* What the exercise asks *
Check each line of the records below for the word "phrase" and copy those where it appears.

* Information shown *
== == ==
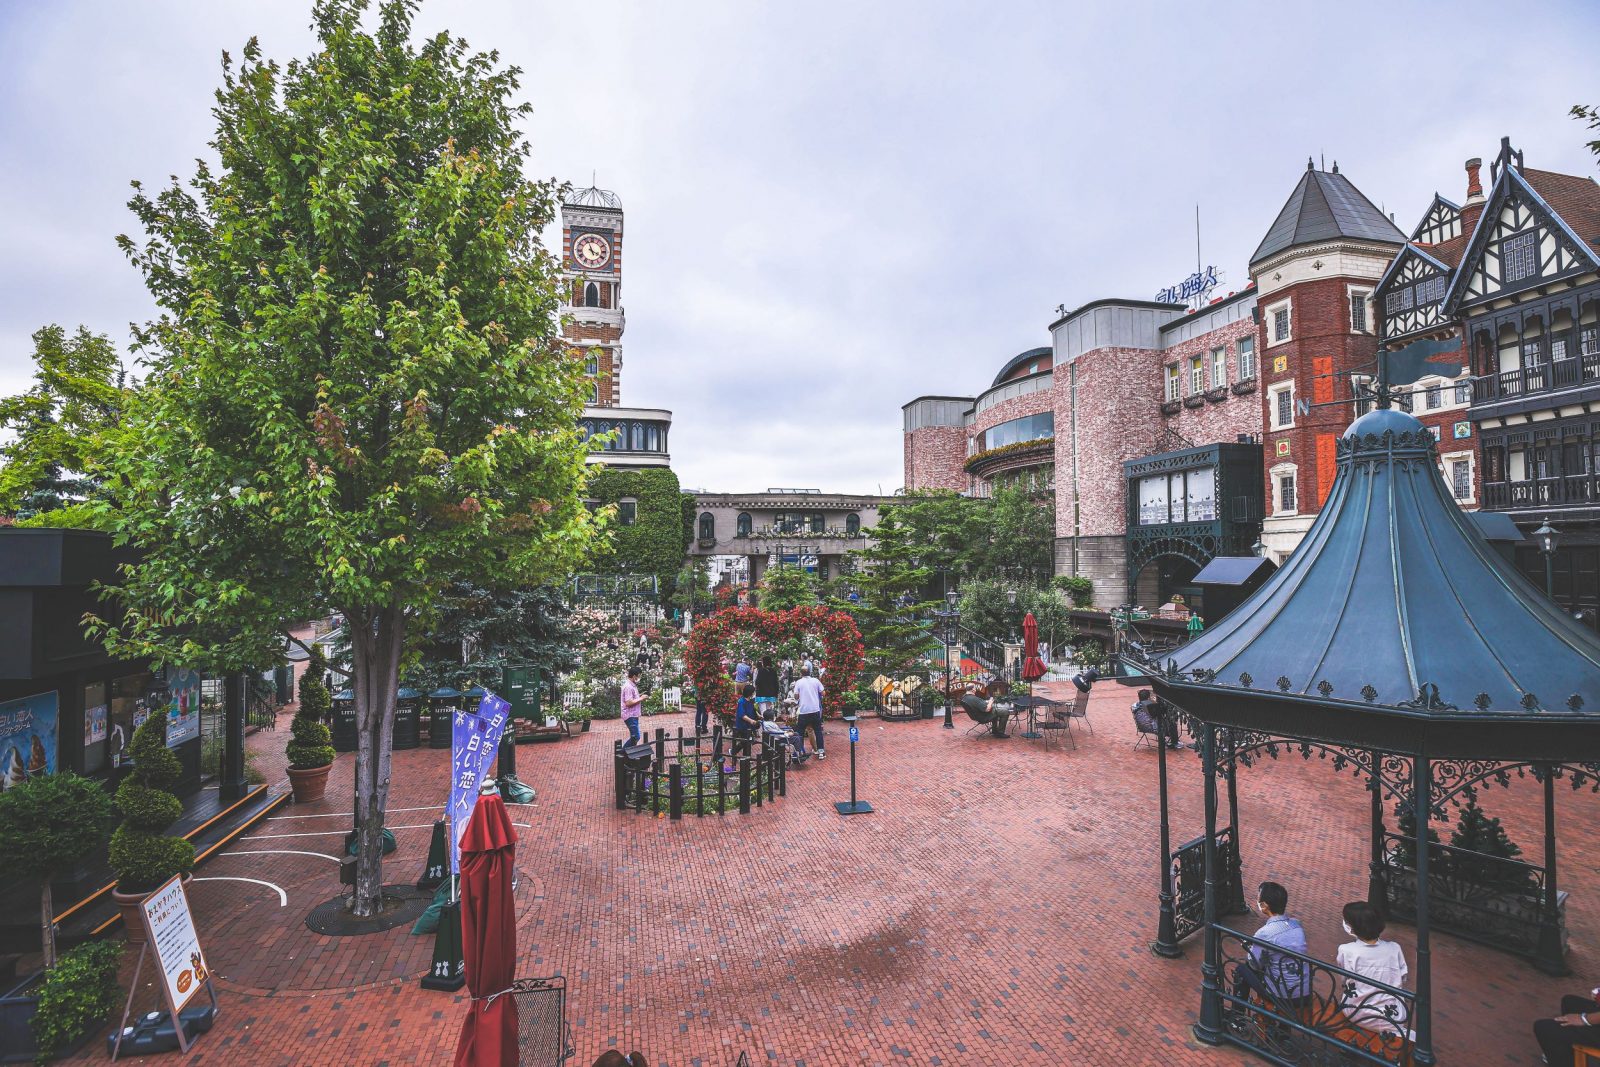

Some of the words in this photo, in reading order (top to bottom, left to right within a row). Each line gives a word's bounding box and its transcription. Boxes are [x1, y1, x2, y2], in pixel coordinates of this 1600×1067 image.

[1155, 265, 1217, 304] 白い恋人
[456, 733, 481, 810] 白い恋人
== == ==
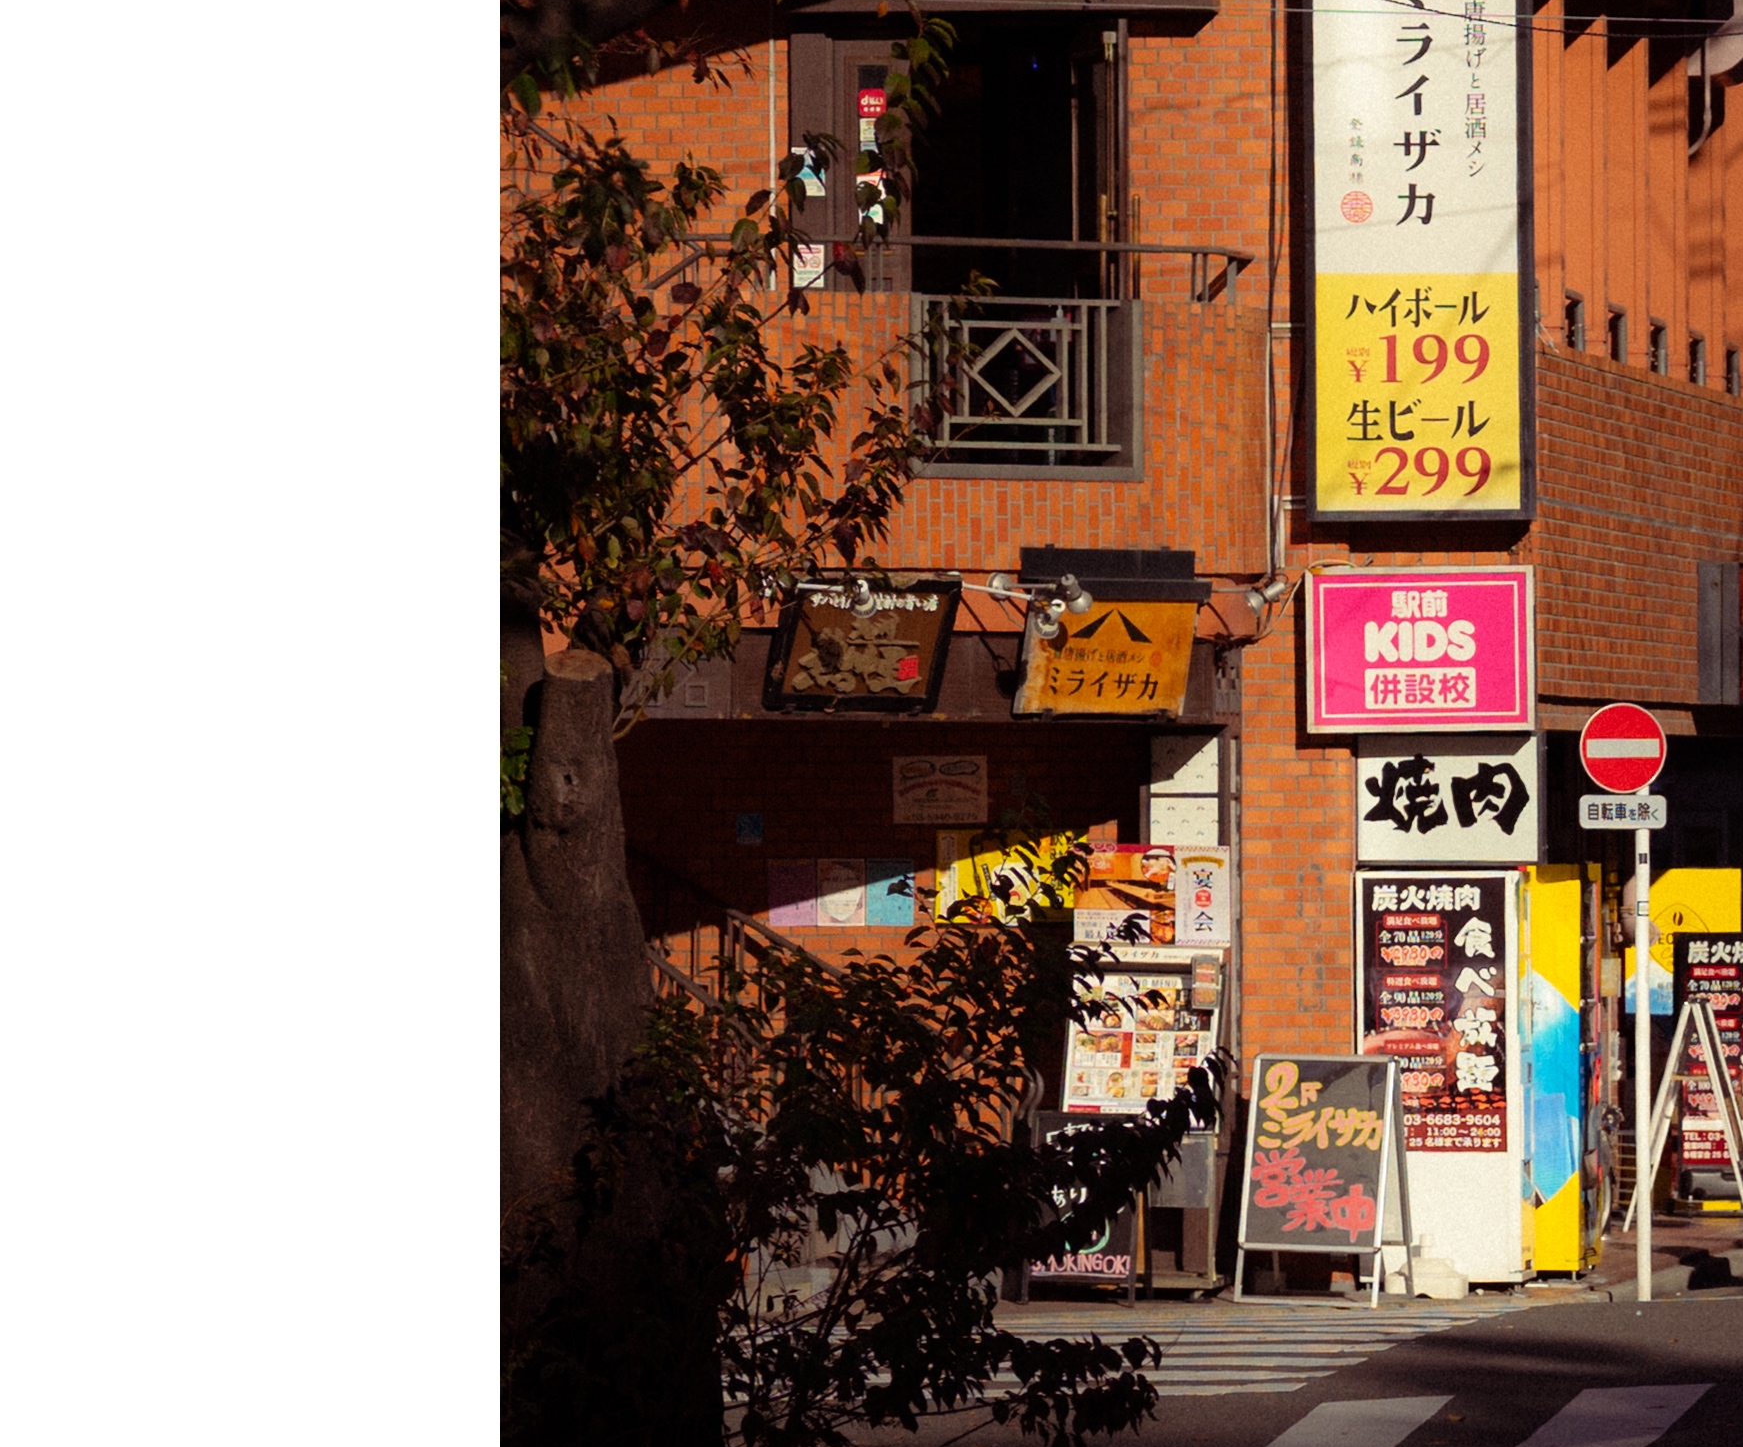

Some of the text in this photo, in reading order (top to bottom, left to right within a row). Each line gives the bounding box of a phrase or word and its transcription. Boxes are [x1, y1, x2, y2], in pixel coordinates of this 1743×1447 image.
== == ==
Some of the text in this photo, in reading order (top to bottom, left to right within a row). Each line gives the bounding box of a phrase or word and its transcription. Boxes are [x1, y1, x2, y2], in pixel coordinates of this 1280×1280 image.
== == ==
* Reply *
Some of the text in this photo, in reading order (top to bottom, left to right within a row). Each line gives the bounding box of a phrase or word and its transcription. Boxes are [x1, y1, x2, y2], in pixel coordinates of this 1743×1447 image.
Some of the text in this photo, in reading order (top to bottom, left to right within a row). Each line gives the bounding box of a phrase or word and its transcription. Boxes are [x1, y1, x2, y2], in pixel coordinates of this 1280×1280 image.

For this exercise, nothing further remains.